Já a segunda etapa é a análise da ação articular e muscular, sendo a etapa mais
relevante, uma vez que para cada fase do movimento, é identificada a ação de cada ar-
ticulação, acrescido com a maior quantidade possível de dados que venham subsidiar a
análise. E a terceira e última etapa é a sumarização e avaliação do movimento, momento
em que se compreende o significado e as implicações da análise.

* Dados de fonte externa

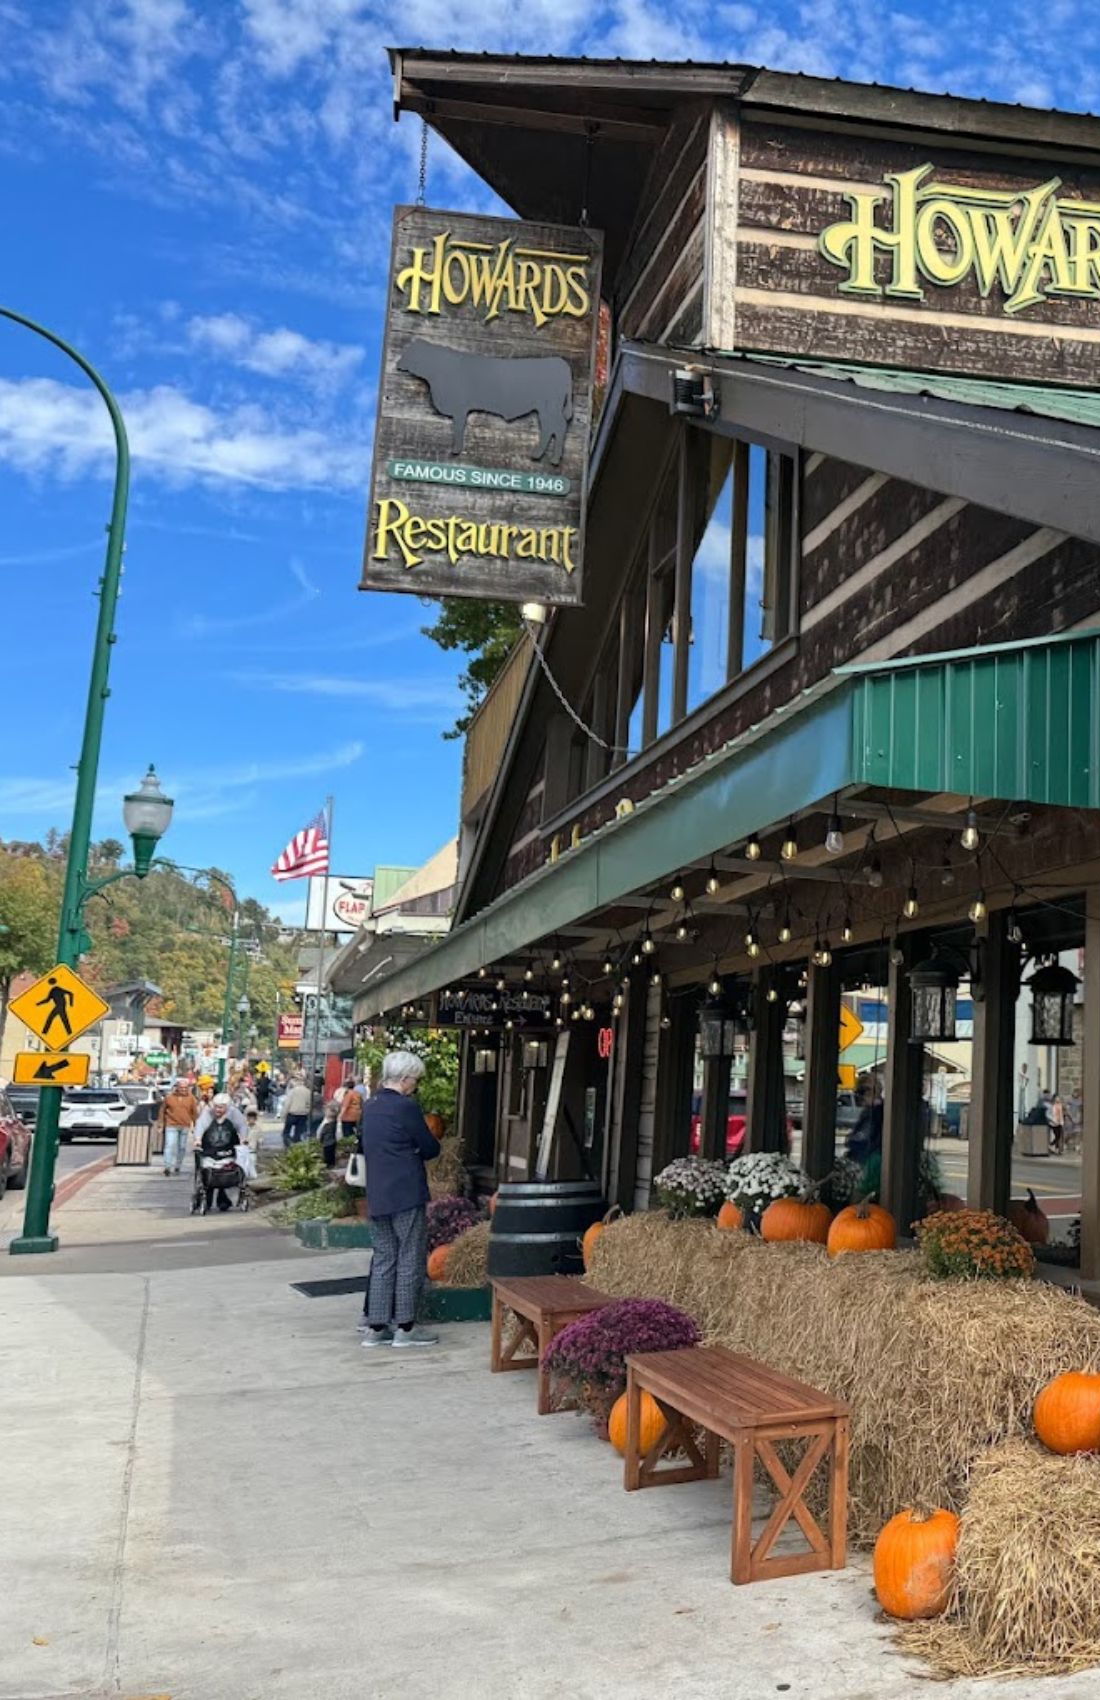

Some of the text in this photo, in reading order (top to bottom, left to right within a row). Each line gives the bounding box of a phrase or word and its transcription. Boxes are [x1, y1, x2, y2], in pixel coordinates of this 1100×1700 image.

[396, 230, 590, 327] HOWARDS
[394, 462, 565, 492] FAMOUS SINCE 1946
[371, 499, 578, 575] Restaurant
[598, 1027, 614, 1058] OP
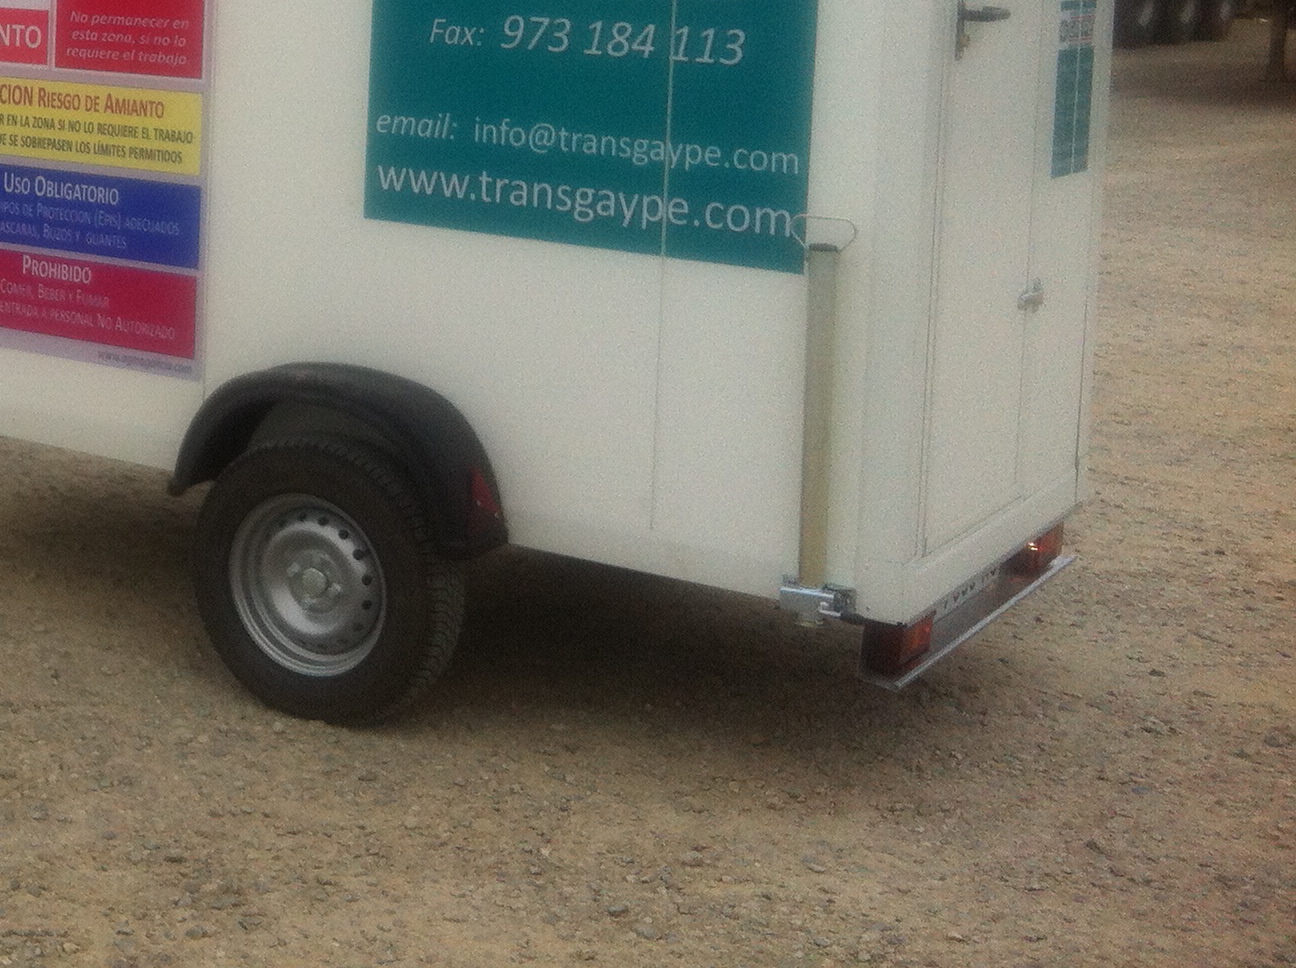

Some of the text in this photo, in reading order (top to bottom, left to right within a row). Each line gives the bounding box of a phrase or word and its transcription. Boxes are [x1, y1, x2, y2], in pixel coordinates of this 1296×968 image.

[70, 10, 189, 30] No permanecer en
[71, 29, 98, 42] esta
[154, 36, 170, 46] no
[175, 34, 187, 48] lo
[429, 15, 747, 66] Fax: 973 184 113
[66, 46, 187, 66] requiere el trabajo
[37, 87, 81, 110] RIESGO
[85, 95, 100, 112] DE
[104, 93, 165, 118] AMIANTO
[6, 114, 18, 127] EN
[19, 115, 31, 128] LA
[32, 116, 55, 130] ZONA
[68, 120, 81, 133] NO
[84, 121, 95, 134] LO
[96, 122, 138, 138] REQUIERE
[141, 126, 151, 140] EL
[153, 127, 194, 144] TRABAJO
[375, 111, 800, 175] email: info@transgaype.com
[9, 134, 19, 148] SE
[20, 136, 73, 153] SOBREPASEN
[75, 141, 91, 154] LOS
[128, 146, 183, 164] PERMITIDOS
[4, 171, 119, 205] USO OBLIGATORIO
[376, 165, 793, 238] www.transgaype.com
[23, 204, 33, 218] DE
[85, 232, 126, 249] GUANTES
[22, 254, 92, 284] PROHIBIDO
[37, 283, 65, 302] BEBER
[76, 288, 110, 308] FUMAR
[97, 313, 113, 330] NO
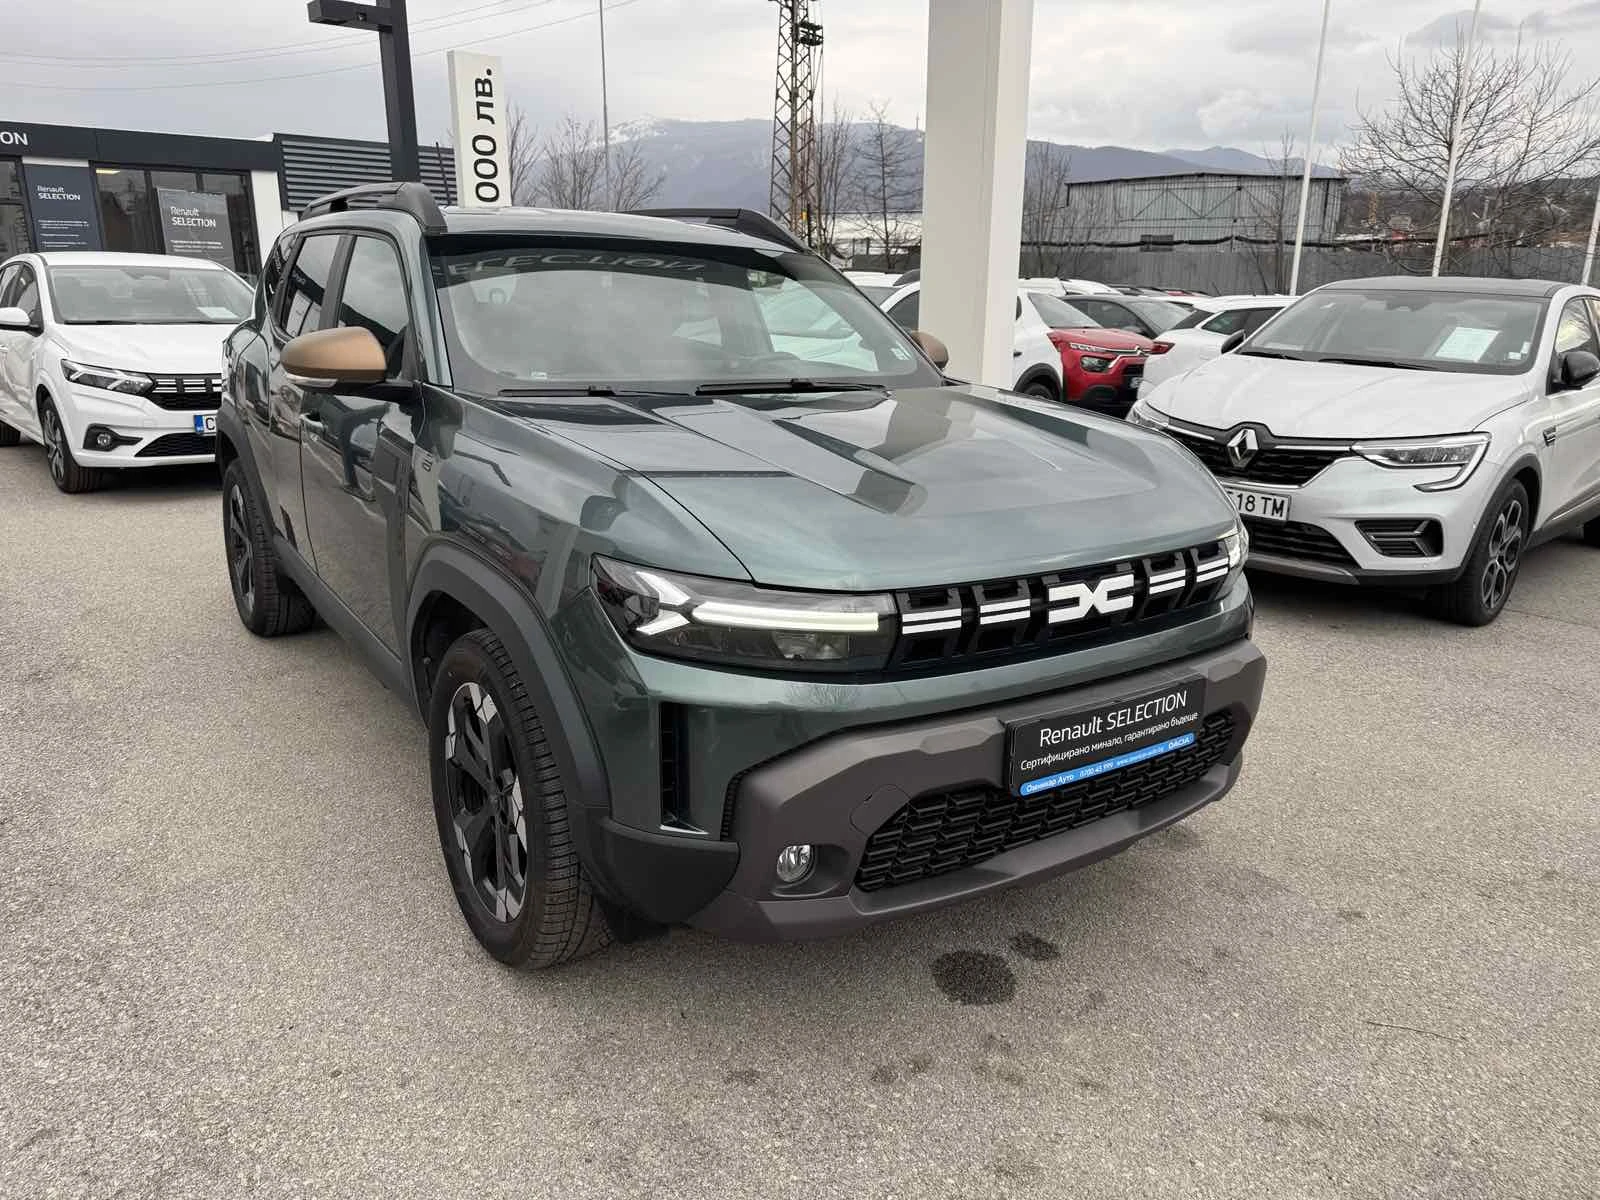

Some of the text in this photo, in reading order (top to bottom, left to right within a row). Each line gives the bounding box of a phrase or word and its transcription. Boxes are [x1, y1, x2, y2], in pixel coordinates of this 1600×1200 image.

[37, 192, 81, 201] SELECTION
[171, 216, 217, 228] SELECTION
[1228, 491, 1285, 518] 18 TM
[1039, 690, 1188, 747] Renault SELECTION
[1020, 744, 1090, 771] Сертифицирано
[1091, 735, 1123, 751] минало,

Algumas considerações valem o estudo, a avaliação cinesiológica é um julgamento
profissional específico e suas conclusões dependem de um ponto de vista pessoal, mesmo
um exercício ou atividade aparentemente simples compreende movimentos musculares
complexos, e por isso, convém considerar problemas de influência de forças externas
(gravidade), de contração concêntrica, excêntrica e estática, a metodologia da análise cine-
siológica é deliberada e precisa, embora possa estar constantemente presente na mente do
profissional durante o seu trabalho diário (HOUGLUM e BERTOTI, 2014).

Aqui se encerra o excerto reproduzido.